_What you should do_
Restate each entry word for word. Keep every detail intact.

Saved entries:
◇ ◇ ◇
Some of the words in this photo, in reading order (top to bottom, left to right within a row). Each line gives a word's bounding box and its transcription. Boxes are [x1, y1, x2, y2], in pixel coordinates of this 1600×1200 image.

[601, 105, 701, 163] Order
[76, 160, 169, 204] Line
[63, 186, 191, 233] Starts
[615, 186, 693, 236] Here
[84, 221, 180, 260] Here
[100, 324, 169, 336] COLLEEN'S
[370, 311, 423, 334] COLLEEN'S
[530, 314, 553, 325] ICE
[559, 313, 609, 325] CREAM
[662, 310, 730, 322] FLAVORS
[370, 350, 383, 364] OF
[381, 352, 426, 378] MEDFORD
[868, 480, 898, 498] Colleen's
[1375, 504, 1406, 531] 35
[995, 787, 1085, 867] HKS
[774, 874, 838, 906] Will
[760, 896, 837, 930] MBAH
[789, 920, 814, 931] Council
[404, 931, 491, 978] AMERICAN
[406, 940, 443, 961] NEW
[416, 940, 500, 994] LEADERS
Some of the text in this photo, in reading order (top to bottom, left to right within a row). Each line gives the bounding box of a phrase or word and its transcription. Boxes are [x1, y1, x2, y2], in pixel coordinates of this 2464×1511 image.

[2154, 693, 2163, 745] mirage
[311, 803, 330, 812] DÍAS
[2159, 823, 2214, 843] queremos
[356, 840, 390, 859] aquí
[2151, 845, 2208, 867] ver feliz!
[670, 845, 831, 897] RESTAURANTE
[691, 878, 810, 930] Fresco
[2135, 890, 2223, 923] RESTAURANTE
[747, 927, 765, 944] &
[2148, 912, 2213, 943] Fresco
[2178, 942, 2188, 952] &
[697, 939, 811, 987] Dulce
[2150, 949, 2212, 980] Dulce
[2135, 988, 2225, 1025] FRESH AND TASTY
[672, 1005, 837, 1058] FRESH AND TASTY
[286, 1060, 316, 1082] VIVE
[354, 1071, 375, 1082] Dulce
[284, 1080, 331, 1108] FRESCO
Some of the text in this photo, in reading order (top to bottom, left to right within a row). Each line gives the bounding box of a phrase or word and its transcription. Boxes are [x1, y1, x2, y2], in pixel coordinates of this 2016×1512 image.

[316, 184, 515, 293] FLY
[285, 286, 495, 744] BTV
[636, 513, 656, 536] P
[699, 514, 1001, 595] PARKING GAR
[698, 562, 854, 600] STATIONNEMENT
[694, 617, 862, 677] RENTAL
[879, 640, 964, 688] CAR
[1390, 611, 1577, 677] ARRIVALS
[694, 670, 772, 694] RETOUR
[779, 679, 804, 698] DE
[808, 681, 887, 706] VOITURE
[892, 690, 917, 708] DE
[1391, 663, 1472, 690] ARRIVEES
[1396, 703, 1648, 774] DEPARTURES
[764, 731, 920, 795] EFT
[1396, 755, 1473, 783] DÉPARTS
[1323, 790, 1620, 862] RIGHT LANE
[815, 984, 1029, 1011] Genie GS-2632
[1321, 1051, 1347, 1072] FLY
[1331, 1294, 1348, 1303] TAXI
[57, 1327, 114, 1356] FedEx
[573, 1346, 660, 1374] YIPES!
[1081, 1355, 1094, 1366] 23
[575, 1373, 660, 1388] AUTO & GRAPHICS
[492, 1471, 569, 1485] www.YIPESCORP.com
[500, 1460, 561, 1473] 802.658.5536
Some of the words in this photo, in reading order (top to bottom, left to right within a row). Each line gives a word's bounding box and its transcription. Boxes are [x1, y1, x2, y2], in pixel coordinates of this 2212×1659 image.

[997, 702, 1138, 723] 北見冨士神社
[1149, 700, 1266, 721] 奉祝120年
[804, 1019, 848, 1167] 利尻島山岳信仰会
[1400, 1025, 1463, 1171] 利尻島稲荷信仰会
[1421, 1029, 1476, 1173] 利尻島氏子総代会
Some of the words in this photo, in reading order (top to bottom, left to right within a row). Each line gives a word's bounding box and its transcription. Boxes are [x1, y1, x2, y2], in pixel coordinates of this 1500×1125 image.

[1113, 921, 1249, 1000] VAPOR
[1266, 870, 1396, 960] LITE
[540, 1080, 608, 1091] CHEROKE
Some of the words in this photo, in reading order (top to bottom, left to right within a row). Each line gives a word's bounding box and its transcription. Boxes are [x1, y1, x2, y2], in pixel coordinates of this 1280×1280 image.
◇ ◇ ◇
_Solution to this problem_
Some of the words in this photo, in reading order (top to bottom, left to right within a row). Each line gives a word's bounding box and its transcription. Boxes are [x1, y1, x2, y2], in pixel coordinates of this 1600×1200 image.

[601, 105, 701, 163] Order
[76, 160, 169, 204] Line
[63, 186, 191, 233] Starts
[615, 186, 693, 236] Here
[84, 221, 180, 260] Here
[100, 324, 169, 336] COLLEEN'S
[370, 311, 423, 334] COLLEEN'S
[530, 314, 553, 325] ICE
[559, 313, 609, 325] CREAM
[662, 310, 730, 322] FLAVORS
[370, 350, 383, 364] OF
[381, 352, 426, 378] MEDFORD
[868, 480, 898, 498] Colleen's
[1375, 504, 1406, 531] 35
[995, 787, 1085, 867] HKS
[774, 874, 838, 906] Will
[760, 896, 837, 930] MBAH
[789, 920, 814, 931] Council
[404, 931, 491, 978] AMERICAN
[406, 940, 443, 961] NEW
[416, 940, 500, 994] LEADERS
Some of the text in this photo, in reading order (top to bottom, left to right within a row). Each line gives the bounding box of a phrase or word and its transcription. Boxes are [x1, y1, x2, y2], in pixel coordinates of this 2464×1511 image.

[2154, 693, 2163, 745] mirage
[311, 803, 330, 812] DÍAS
[2159, 823, 2214, 843] queremos
[356, 840, 390, 859] aquí
[2151, 845, 2208, 867] ver feliz!
[670, 845, 831, 897] RESTAURANTE
[691, 878, 810, 930] Fresco
[2135, 890, 2223, 923] RESTAURANTE
[747, 927, 765, 944] &
[2148, 912, 2213, 943] Fresco
[2178, 942, 2188, 952] &
[697, 939, 811, 987] Dulce
[2150, 949, 2212, 980] Dulce
[2135, 988, 2225, 1025] FRESH AND TASTY
[672, 1005, 837, 1058] FRESH AND TASTY
[286, 1060, 316, 1082] VIVE
[354, 1071, 375, 1082] Dulce
[284, 1080, 331, 1108] FRESCO
Some of the text in this photo, in reading order (top to bottom, left to right within a row). Each line gives the bounding box of a phrase or word and its transcription. Boxes are [x1, y1, x2, y2], in pixel coordinates of this 2016×1512 image.

[316, 184, 515, 293] FLY
[285, 286, 495, 744] BTV
[636, 513, 656, 536] P
[699, 514, 1001, 595] PARKING GAR
[698, 562, 854, 600] STATIONNEMENT
[694, 617, 862, 677] RENTAL
[879, 640, 964, 688] CAR
[1390, 611, 1577, 677] ARRIVALS
[694, 670, 772, 694] RETOUR
[779, 679, 804, 698] DE
[808, 681, 887, 706] VOITURE
[892, 690, 917, 708] DE
[1391, 663, 1472, 690] ARRIVEES
[1396, 703, 1648, 774] DEPARTURES
[764, 731, 920, 795] EFT
[1396, 755, 1473, 783] DÉPARTS
[1323, 790, 1620, 862] RIGHT LANE
[815, 984, 1029, 1011] Genie GS-2632
[1321, 1051, 1347, 1072] FLY
[1331, 1294, 1348, 1303] TAXI
[57, 1327, 114, 1356] FedEx
[573, 1346, 660, 1374] YIPES!
[1081, 1355, 1094, 1366] 23
[575, 1373, 660, 1388] AUTO & GRAPHICS
[492, 1471, 569, 1485] www.YIPESCORP.com
[500, 1460, 561, 1473] 802.658.5536
Some of the words in this photo, in reading order (top to bottom, left to right within a row). Each line gives a word's bounding box and its transcription. Boxes are [x1, y1, x2, y2], in pixel coordinates of this 2212×1659 image.

[997, 702, 1138, 723] 北見冨士神社
[1149, 700, 1266, 721] 奉祝120年
[804, 1019, 848, 1167] 利尻島山岳信仰会
[1400, 1025, 1463, 1171] 利尻島稲荷信仰会
[1421, 1029, 1476, 1173] 利尻島氏子総代会
Some of the words in this photo, in reading order (top to bottom, left to right within a row). Each line gives a word's bounding box and its transcription. Boxes are [x1, y1, x2, y2], in pixel coordinates of this 1500×1125 image.

[1113, 921, 1249, 1000] VAPOR
[1266, 870, 1396, 960] LITE
[540, 1080, 608, 1091] CHEROKE
Some of the words in this photo, in reading order (top to bottom, left to right within a row). Each line gives a word's bounding box and its transcription. Boxes are [x1, y1, x2, y2], in pixel coordinates of this 1280×1280 image.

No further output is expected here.